Gingiva Equivalents Secrete Negligible Amounts of Key Chemokines Involved in Langerhans Cell Migration Compared to Skin Equivalents

1Department of Dermatology, VU University Medical Center, De Boellelaan 1118, 1081 HV Amsterdam, Netherlands
2Department of Oral Cell Biology, Academic Center for Dentistry (ACTA), University of Amsterdam and VU University, Amsterdam, Netherlands
3Department of Medical Oncology, VU University Medical Center, De Boellelaan 1118, 1081 HV Amsterdam, Netherlands

Received 24 April 2015; Accepted 5 July 2015

Academic Editor: Menaka C. Thounaojam

Copyright © 2015 Ilona J. Kosten et al. This is an open access article distributed under the Creative Commons Attribution License, which permits unrestricted use, distribution, and reproduction in any medium, provided the original work is properly cited.
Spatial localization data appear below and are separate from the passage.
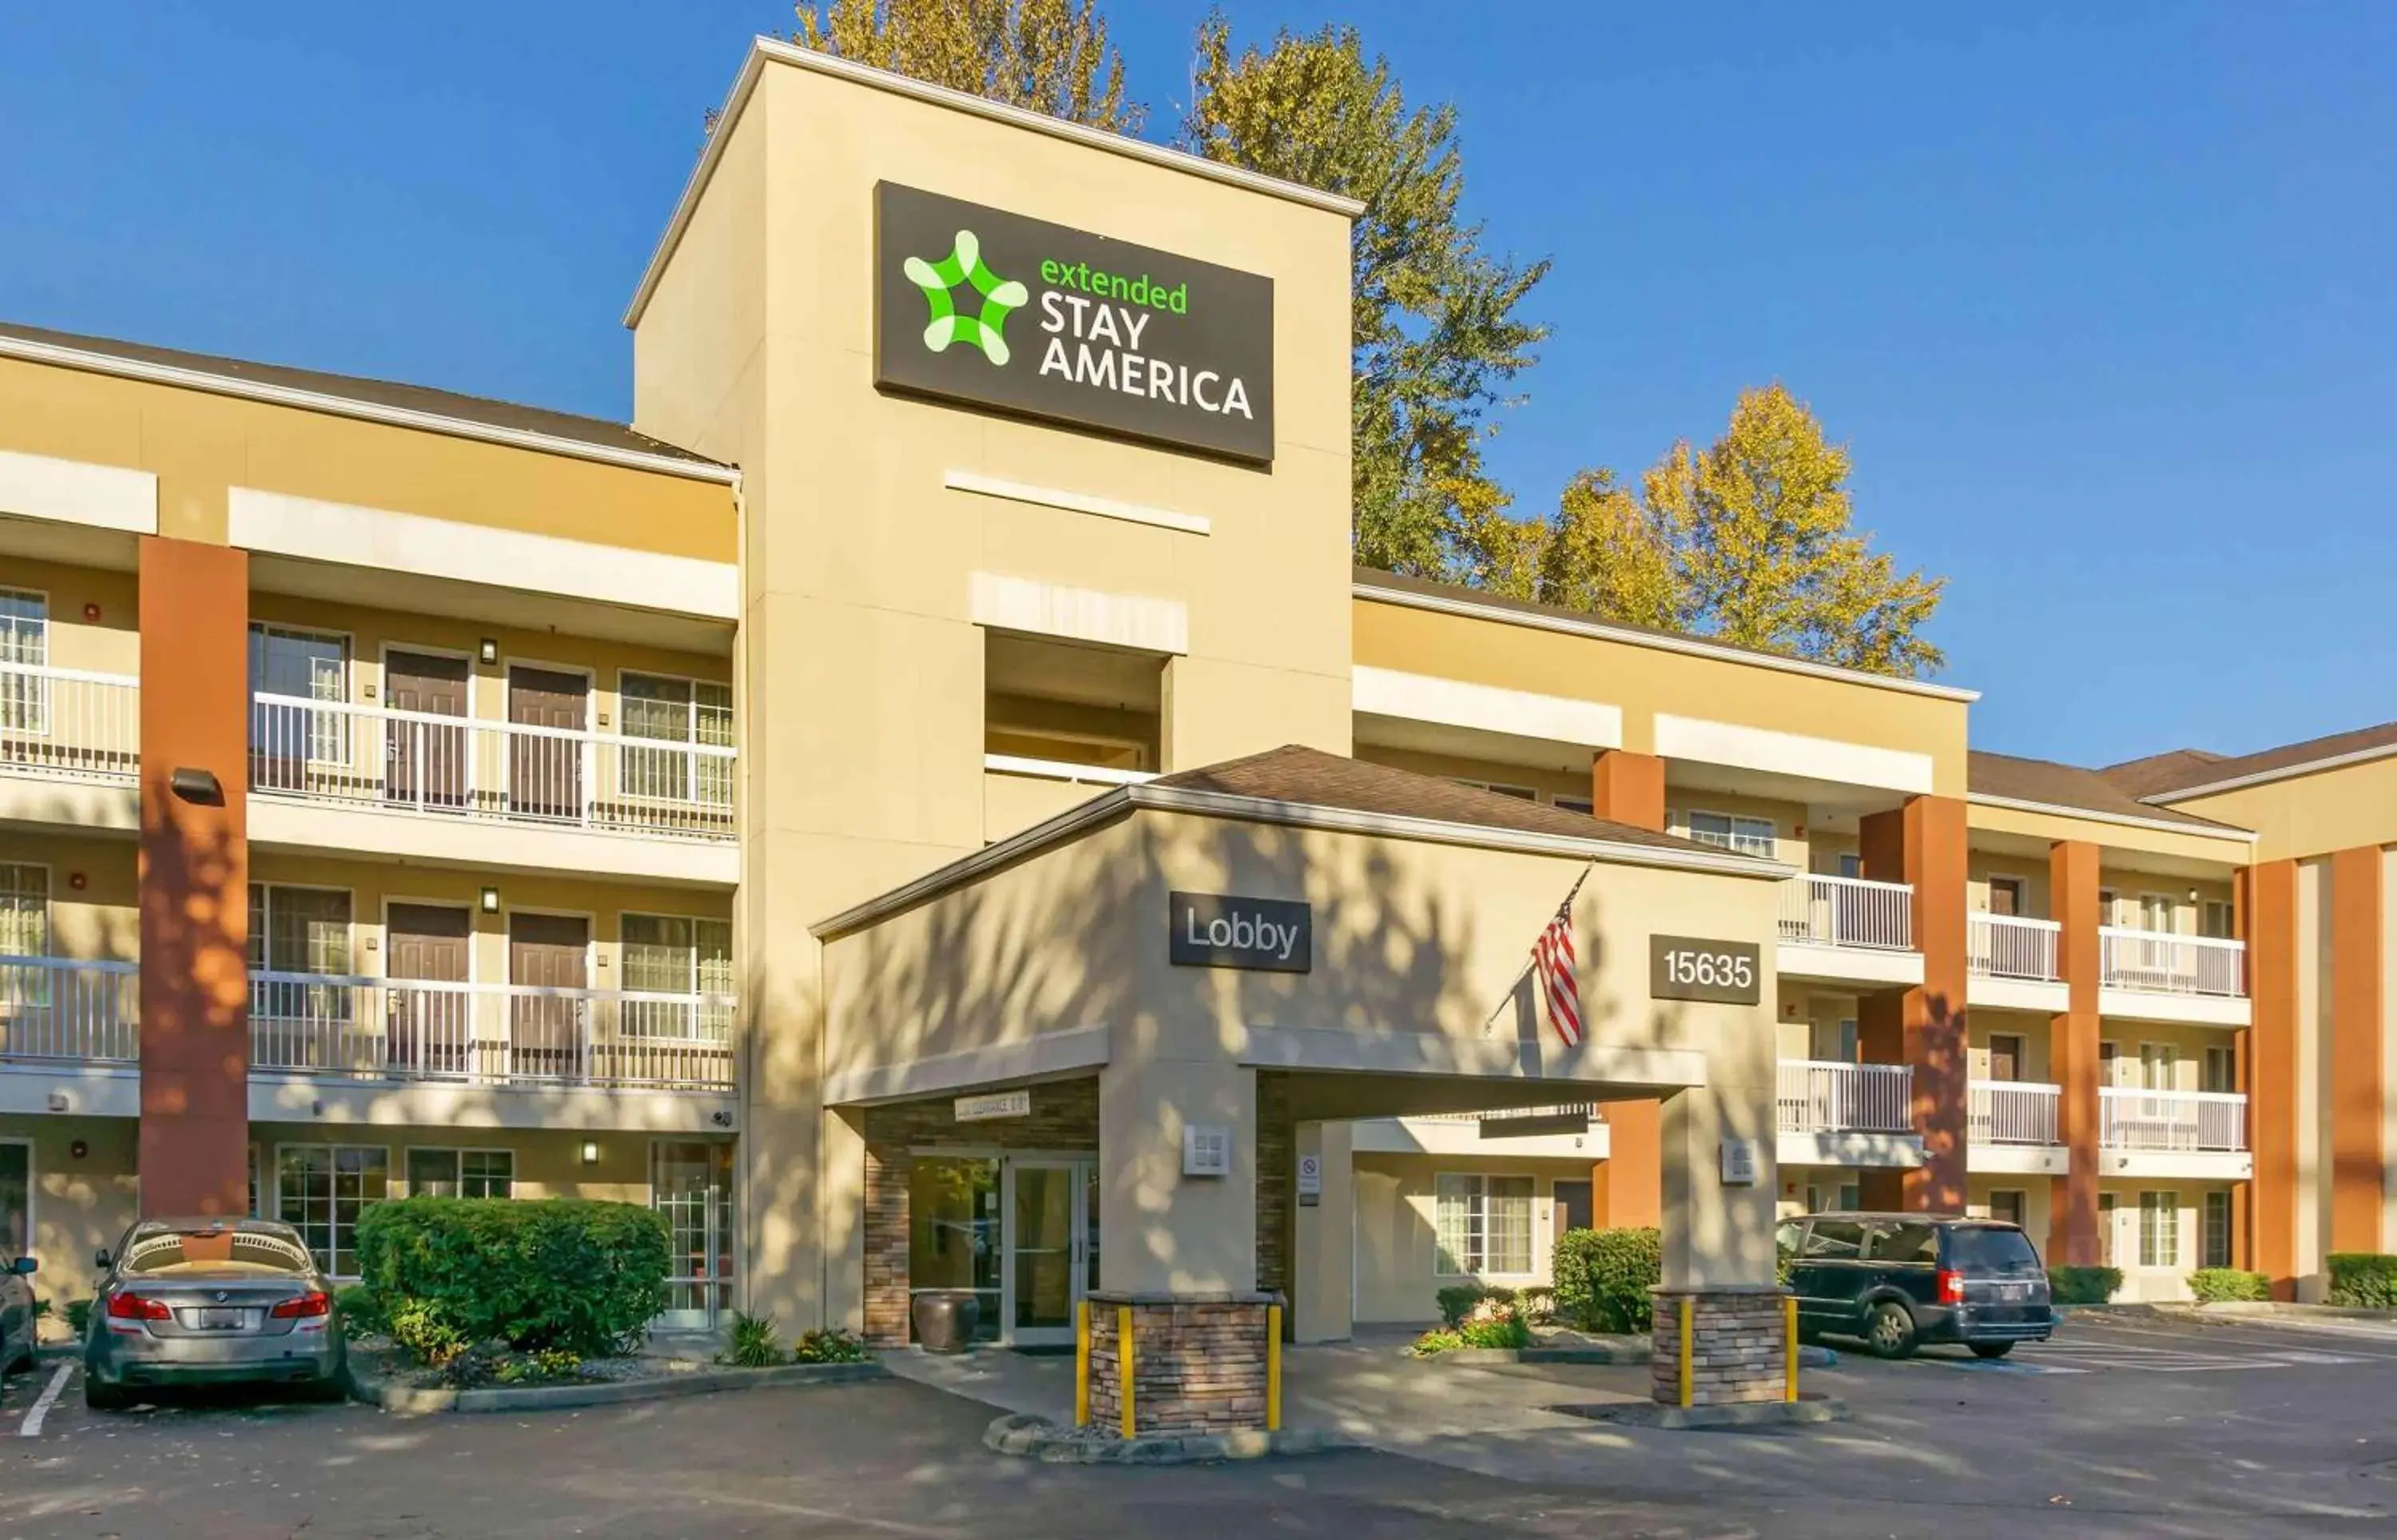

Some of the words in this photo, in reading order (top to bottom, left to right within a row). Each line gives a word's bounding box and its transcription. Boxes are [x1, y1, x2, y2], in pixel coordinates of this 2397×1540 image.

[1040, 258, 1187, 314] extended
[1040, 291, 1151, 351] STAY
[1039, 337, 1254, 419] AMERICA
[1187, 907, 1298, 960] Lobby
[1664, 950, 1752, 988] 15635
Both oral mucosa and skin have the capacity to maintain immune homeostasis or regulate immune responses upon environmental assault. Whereas much is known about key innate immune events in skin, little is known about oral mucosa. Comparative studies are limited due to the scarce supply of oral mucosa for ex vivo studies. Therefore, we used organotypic tissue equivalents (reconstructed epithelium on fibroblast-populated collagen hydrogel) to study cross talk between cells. Oral mucosa and skin equivalents were compared regarding secretion of cytokines and chemokines involved in LC migration and general inflammation. Basal secretion, representative of homeostasis, and also secretion after stimulation with TNF, an allergen (cinnamaldehyde), or an irritant (SDS) were assessed. We found that proinflammatory IL-18 and chemokines CCL2, CCL20, and CXCL12, all involved in LC migration, were predominantly secreted by skin as compared to gingiva. Furthermore, CCL27 was predominantly secreted by skin whereas CCL28 was predominantly secreted by gingiva. In contrast, general inflammatory cytokines IL-6 and CXCL8 were secreted similarly by skin and gingiva. These results indicate that the cytokines and chemokines triggering innate immunity and LC migration are different in skin and gingiva. This differential regulation should be figured into novel therapy or vaccination strategies in the context of skin versus mucosa.